While warming up for a World Cup match, Canadian soccer goalkeeper Kailen Sheridan stops a shot traveling towards her at $32 \mathrm{~m} / \mathrm{s}$. If the soccer ball has mass $420 \mathrm{~g}$, and her gloves are in contact with the ball for $0.11 \mathrm{~s}$ before bringing the ball to a stop, what constant force did she apply opposite the direction of the ball's velocity during that time? $120 \mathrm{~N}$ $1200 \mathrm{~N}$ $120,000 \mathrm{~N}$ $12 \mathrm{~N}$

Step 1 ：Given that the mass of the ball is 420 g (or 0.42 kg), the initial velocity is 32 m/s, and the time it takes to stop the ball is 0.11 s.

Step 2 ：The force required to stop an object can be calculated using Newton's second law of motion, which states that the force acting on an object is equal to its mass times its acceleration.

Step 3 ：In this case, the acceleration is the change in velocity divided by the time it takes for that change to occur.
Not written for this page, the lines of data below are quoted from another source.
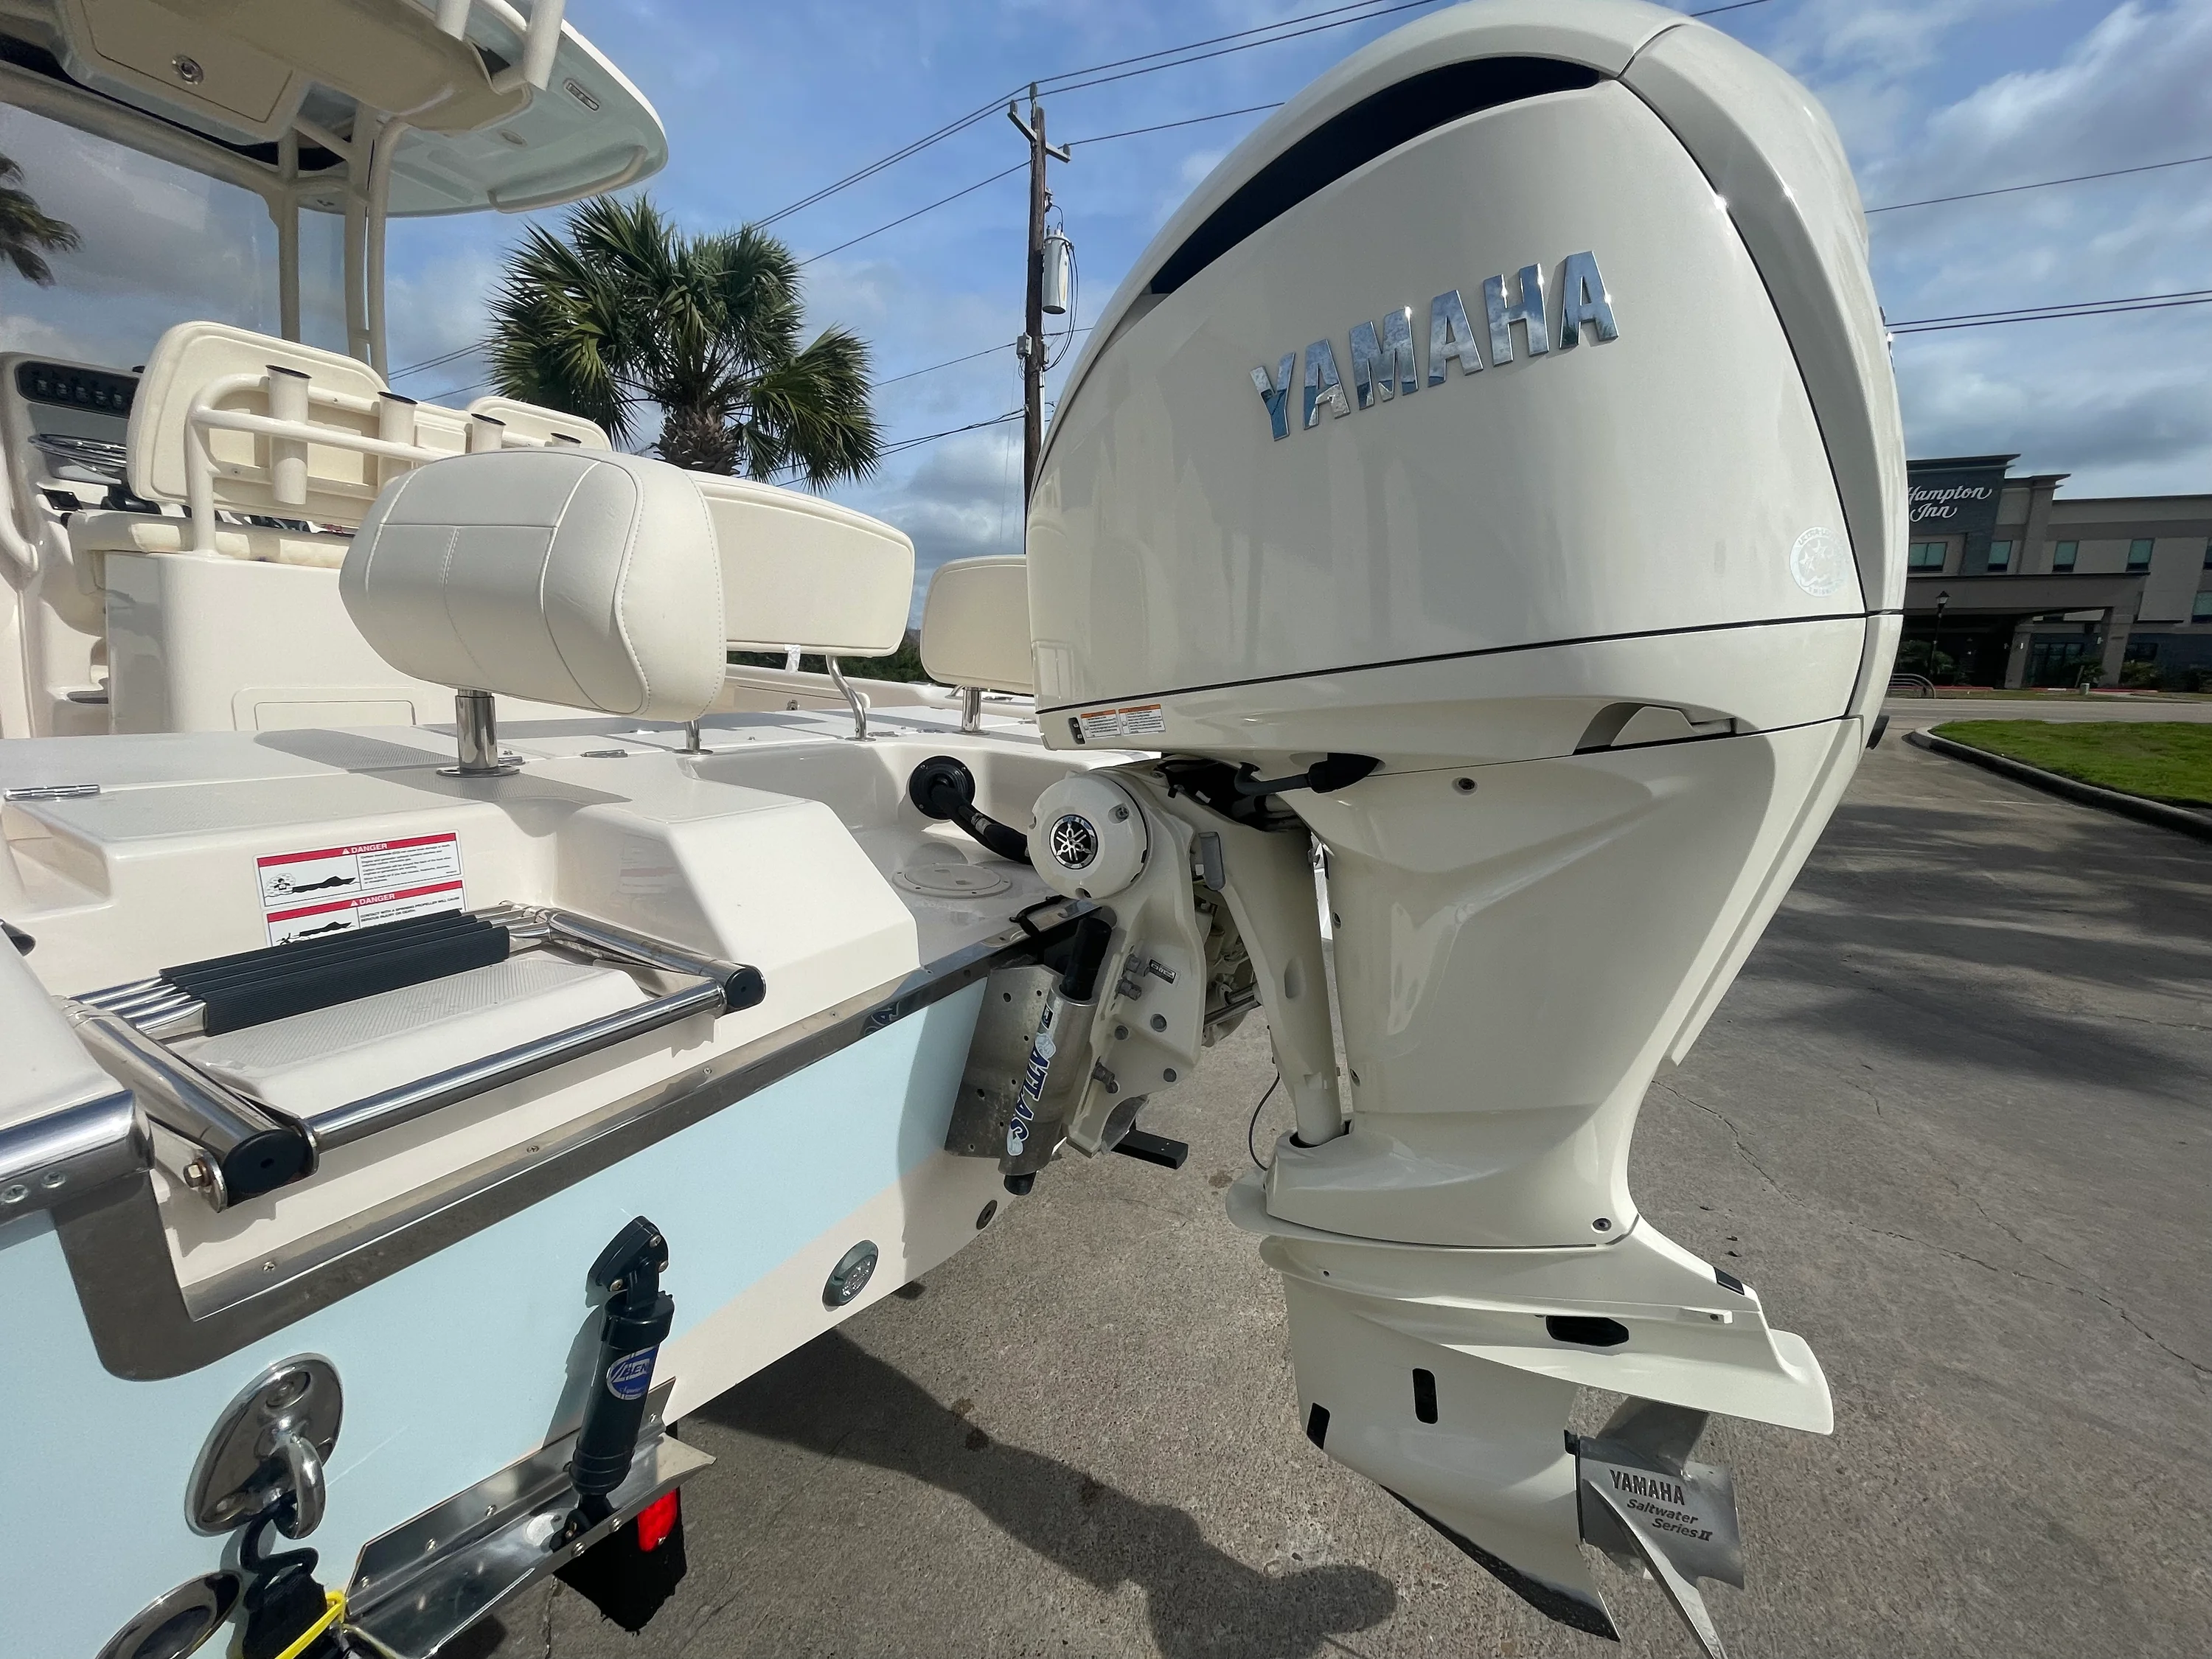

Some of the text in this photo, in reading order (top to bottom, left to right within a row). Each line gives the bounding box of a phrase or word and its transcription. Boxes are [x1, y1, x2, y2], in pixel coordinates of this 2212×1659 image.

[1249, 250, 1619, 442] YAMAHA
[1908, 485, 1993, 505] Hampton
[1910, 503, 1958, 522] Inn
[351, 843, 388, 854] DANGER
[359, 893, 395, 905] DANGER
[1010, 1040, 1048, 1143] ATLAS
[1610, 1469, 1686, 1506] YAMAHA
[1627, 1498, 1699, 1524] Saltwater
Since the ball is brought to a stop, the change in velocity is equal to the initial velocity of the ball.

Step 4 ：Therefore, the force can be calculated as follows: \(F = m \cdot a = m \cdot \frac{\Delta v}{\Delta t}\)

Step 5 ：Substitute the given values into the equation to find the force: \(F = 0.42 \cdot \frac{32}{0.11}\)

Step 6 ：The force calculated from the given values is approximately 122.18 N. However, this value is not among the options provided in the question. It's closest to 120 N, so it's possible that the actual answer is 120 N due to rounding or a slight variation in the values used for the calculation.

Step 7 ：Final Answer: The constant force that Kailen Sheridan applied opposite the direction of the ball's velocity during that time is approximately \(\boxed{120 \mathrm{~N}}\).